Rice. 2. Glow discharge

  • Arc - the current strength ranges from 10 A to 100 A. Ionization is almost 100%. This type of discharge occurs, for example, when operating a welding machine.


Rice. 3. Arc discharge

  • Spark - can be considered one of the types of arc discharge. During such a discharge, a certain amount of electricity flows in a very short time.
  • Corona discharge - ionization of molecules occurs near electrodes with small radii of curvature. This type of charge occurs when the electric field strength changes suddenly.

Free charges in gas

The occurrence of an electric current between the plates of the condenser means that free charges

. Which ones exactly?

Experience shows that electric current in gases is the ordered movement of charged particles of three types

.
These are electrons
,
positive ions
and
negative ions
.

Let's figure out how these charges can appear in the gas.

As the temperature of a gas increases, the thermal vibrations of its particles—molecules or atoms—become more intense.

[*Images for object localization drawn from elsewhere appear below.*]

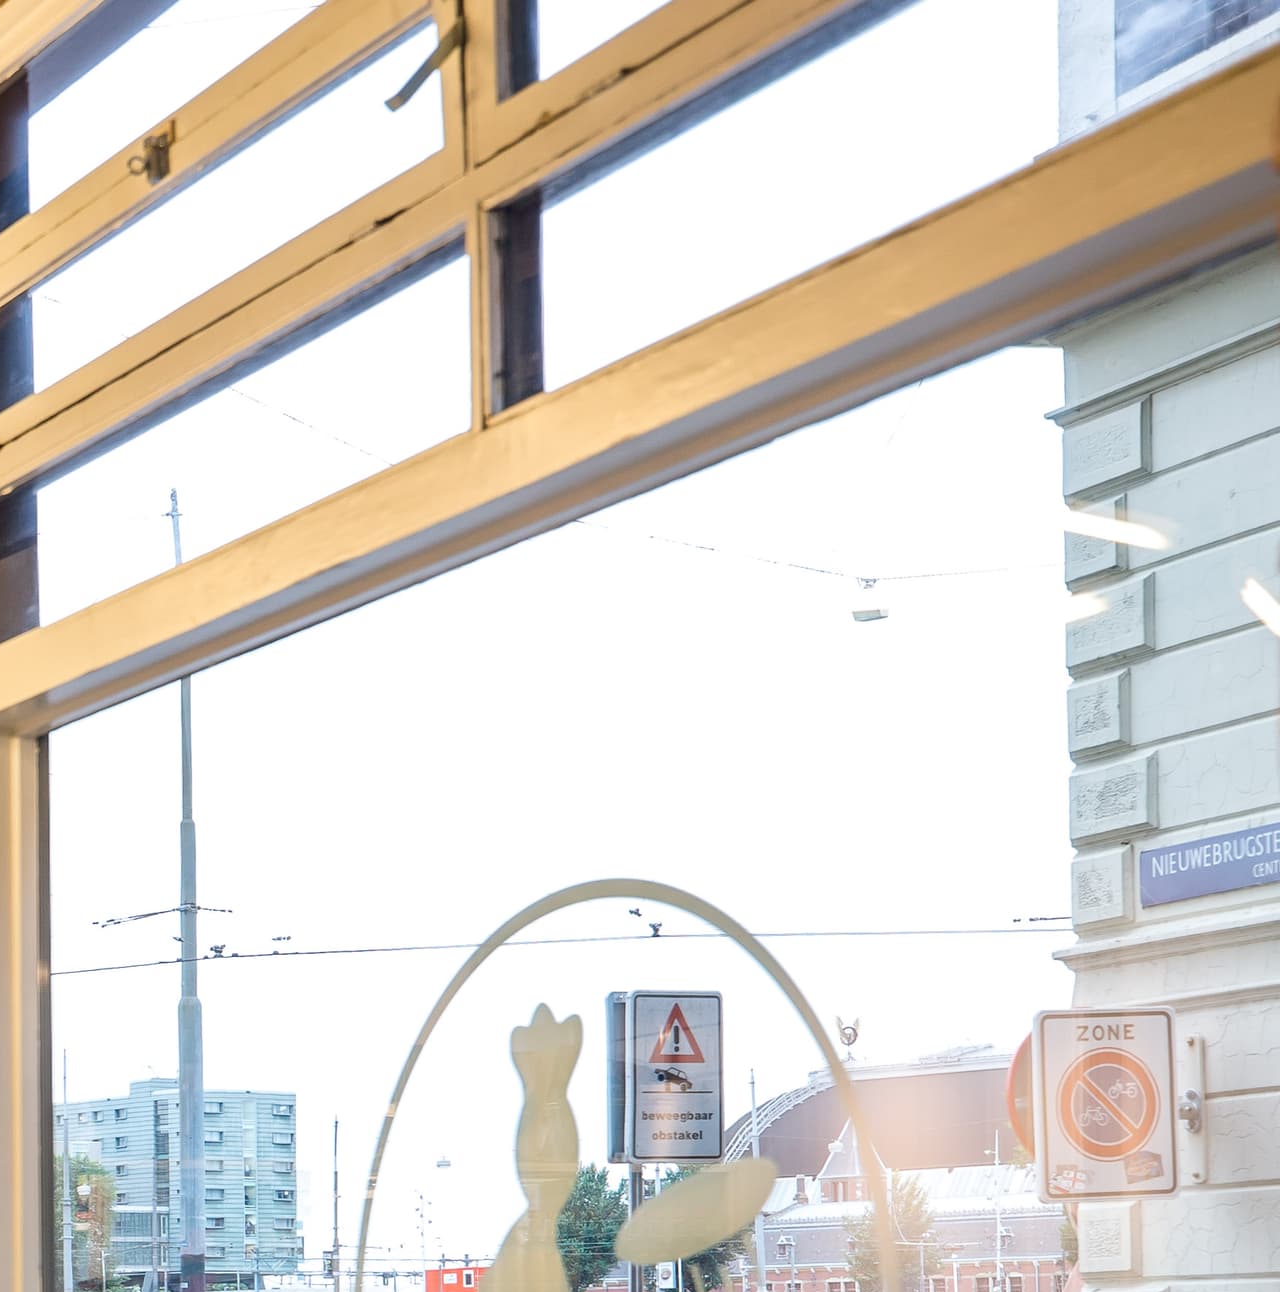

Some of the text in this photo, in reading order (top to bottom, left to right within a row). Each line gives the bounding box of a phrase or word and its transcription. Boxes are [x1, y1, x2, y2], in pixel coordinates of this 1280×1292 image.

[1076, 1023, 1135, 1042] ZONE
[642, 1110, 714, 1123] beweegbaar
[651, 1130, 703, 1141] obstakel
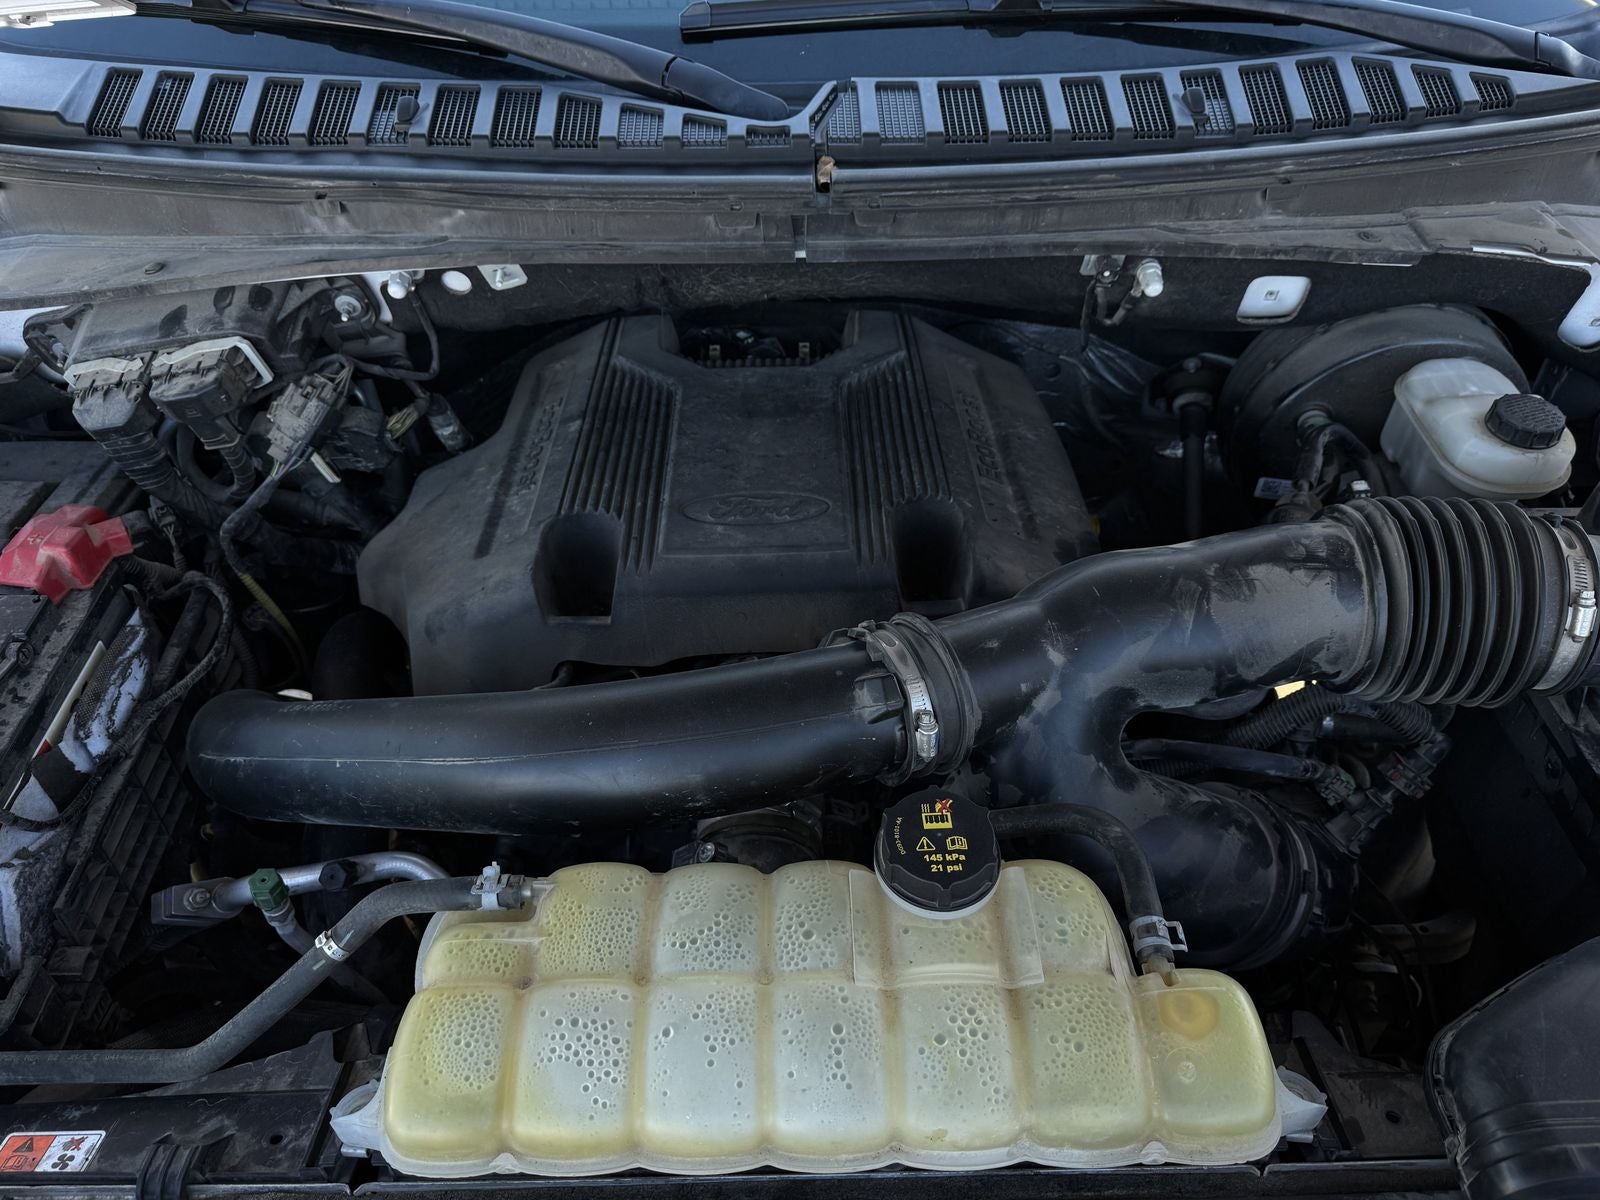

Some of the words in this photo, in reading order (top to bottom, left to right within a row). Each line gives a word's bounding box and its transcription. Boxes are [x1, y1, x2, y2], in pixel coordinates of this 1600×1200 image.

[923, 853, 943, 862] 145
[946, 853, 966, 861] kPa
[930, 864, 943, 872] 21
[947, 863, 963, 873] psi

The collision of particles with each other reaches such force that ionization

— disintegration of neutral particles into electrons and positive ions (Fig. 3).

Rice. 3. Ionization

Degree of ionization

is the ratio of the number of decayed gas particles to the total initial number of particles. For example, if the degree of ionization is equal to , then this means that the original gas particles have broken up into positive ions and electrons.

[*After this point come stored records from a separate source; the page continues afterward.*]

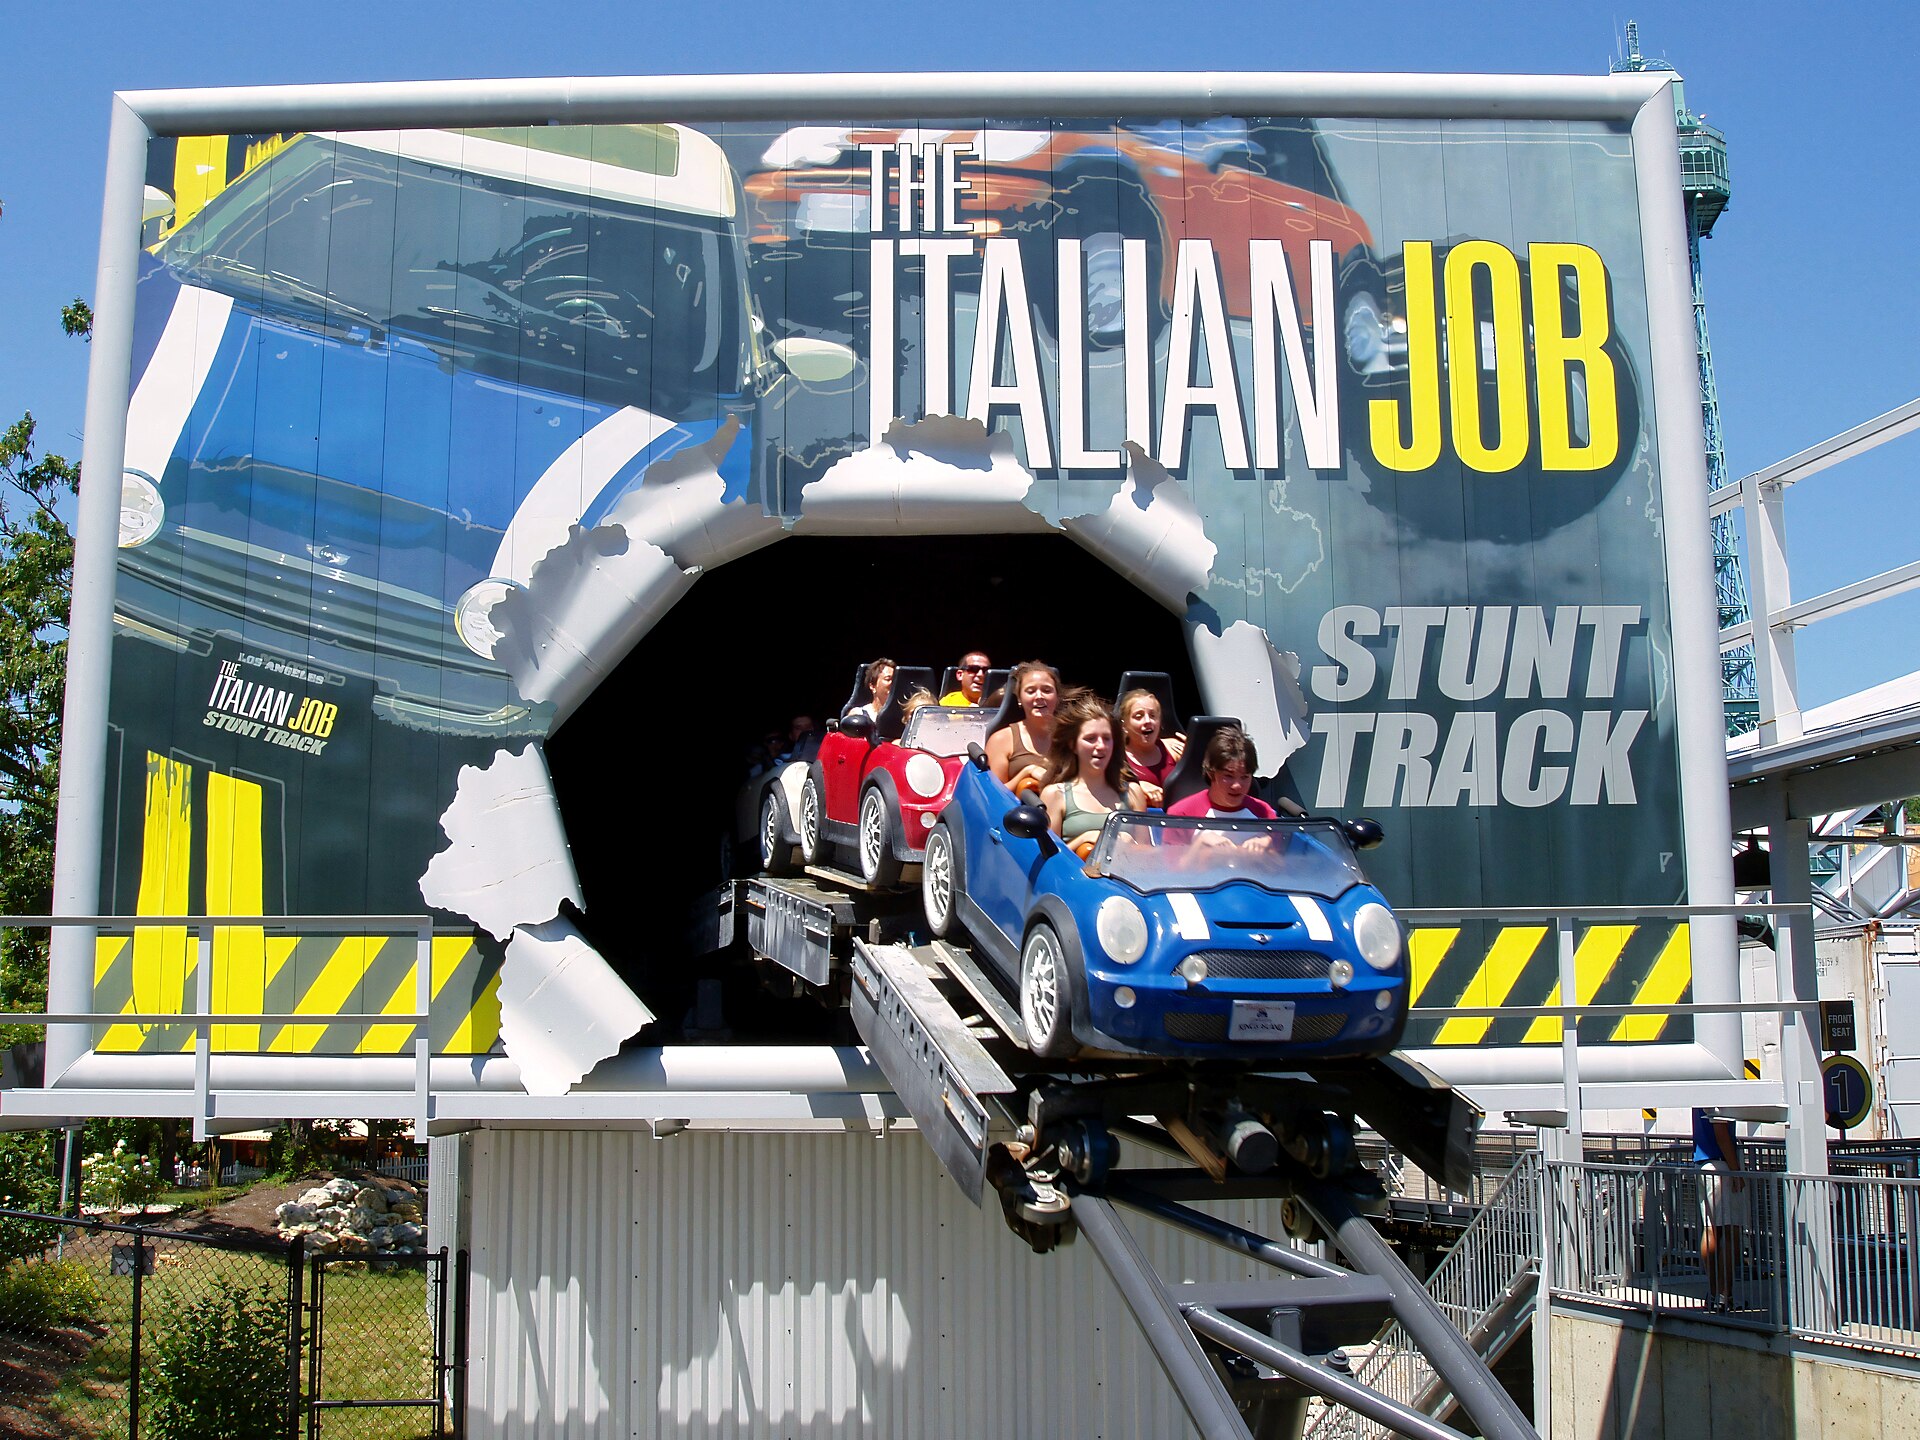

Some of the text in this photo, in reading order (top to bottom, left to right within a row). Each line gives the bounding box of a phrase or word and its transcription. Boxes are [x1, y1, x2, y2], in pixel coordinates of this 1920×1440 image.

[858, 142, 975, 232] THE
[869, 238, 1619, 472] ITALIAN JOB
[219, 659, 242, 679] THE
[238, 652, 325, 685] LOS ANGELES
[1311, 604, 1642, 702] STUNT
[208, 674, 338, 738] ITALIAN JOB
[202, 711, 328, 756] STUNT TRACK
[1311, 709, 1649, 808] TRACK
[1828, 1014, 1853, 1024] FRONT
[1831, 1027, 1851, 1037] SEAT
[1831, 1069, 1850, 1113] 1

The degree of gas ionization depends on temperature and increases sharply with temperature. For hydrogen, for example, at a temperature below, the degree of ionization does not exceed , and at a temperature above, the degree of ionization is close to (that is, hydrogen is almost completely ionized (a partially or completely ionized gas is called plasma

)).

In addition to high temperature, there are other factors that cause gas ionization.

We have already mentioned them in passing: these are radioactive radiation, ultraviolet, x-rays and gamma rays, cosmic particles. Any such factor that causes ionization of a gas is called an ionizer

.

Thus, ionization does not occur on its own, but under the influence of an ionizer.

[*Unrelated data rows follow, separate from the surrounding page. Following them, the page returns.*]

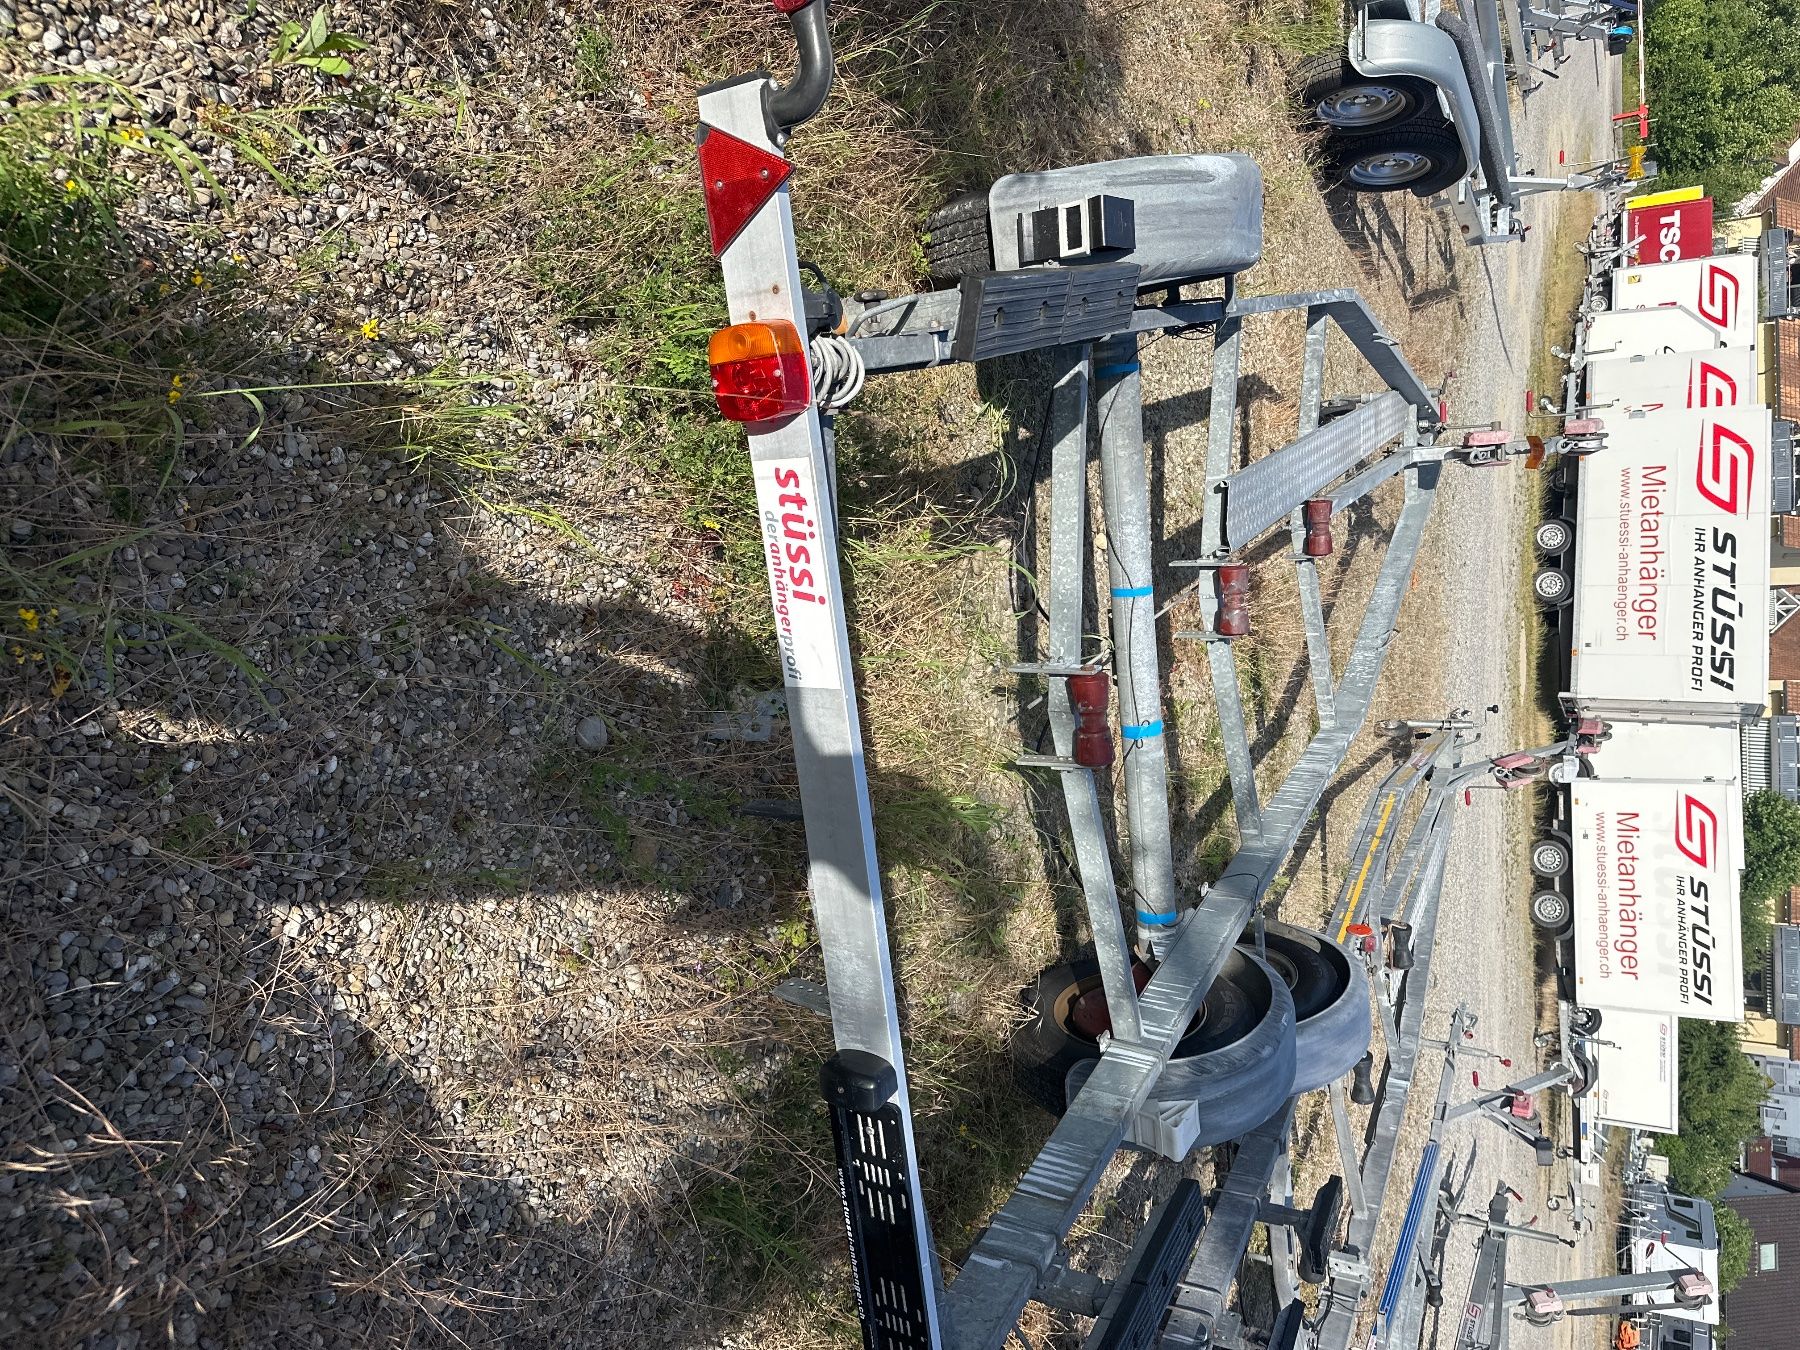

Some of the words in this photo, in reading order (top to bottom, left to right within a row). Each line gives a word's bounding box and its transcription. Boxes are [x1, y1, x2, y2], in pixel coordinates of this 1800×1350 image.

[764, 510, 803, 681] deranhängerprofi
[774, 467, 826, 605] stüssi
[1614, 467, 1633, 641] www.stuessi-anhaenger.ch
[1631, 465, 1667, 641] Mietanhänger
[1694, 527, 1706, 553] IHR
[1691, 645, 1704, 692] PROFI
[1595, 811, 1612, 979] www.stuessi-anhaenger.ch
[1613, 812, 1643, 980] Mietanhänger
[1675, 875, 1686, 896] IHR
[1675, 898, 1690, 965] ANHÄNGER
[1689, 875, 1716, 1006] STÜSSI
[1679, 968, 1689, 1004] PROFI
[837, 1167, 866, 1320] www.stuessi-anhaenger.ch

At the same time, the reverse process occurs - recombination

, that is, the reunification of an electron and a positive ion into a neutral particle (Fig. 4).

Rice. 4. Recombination

The reason for recombination is simple: it is the Coulomb attraction of oppositely charged electrons and ions. Rushing towards each other under the influence of electrical forces, they meet and are able to form a neutral atom (or molecule, depending on the type of gas).

At a constant intensity of the ionizer action, a dynamic equilibrium is established: the average number of particles decaying per unit time is equal to the average number of recombining particles (in other words, the ionization rate is equal to the recombination rate). If the ionizer action is increased (for example, by increasing the temperature), then the dynamic equilibrium will shift to side of ionization, and the concentration of charged particles in the gas will increase. On the contrary, if you turn off the ionizer, recombination will begin to predominate, and free charges will gradually disappear completely.

So, positive ions and electrons appear in the gas as a result of ionization. Where does the third type of charge come from - negative ions? It’s very simple: an electron can hit a neutral atom and attach itself to it! This process is shown in Fig. 5.

Rice. 5. The appearance of a negative ion

The negative ions thus formed will participate in the creation of current along with positive ions and electrons.

Plasma concept

Plasma is a fully or partially ionized gas in which the density of oppositely charged particles is approximately the same. To determine the degree of ionization (α), the following formula is used: α = Ni / N. Here Ni represents the number of ionized atoms and N is the total number of particles.

An example of a weakly ionized plasma is the Earth's ionosphere. Stars, including the Sun, are densely ionized. Plasma has a number of unique properties, which makes it necessary to consider it as a special state of substances, such as, for example, liquid.

Today it is difficult to imagine human civilization without electricity. With its help, people light and heat their houses, send messages, etc. The use of electric current in gases is diverse. For example, gas electric current is used for lighting rooms, in welding, in metallurgy, etc. If the movement of plasma is controlled, it can be used as a working fluid. So, a few years ago, plasma TVs were very popular.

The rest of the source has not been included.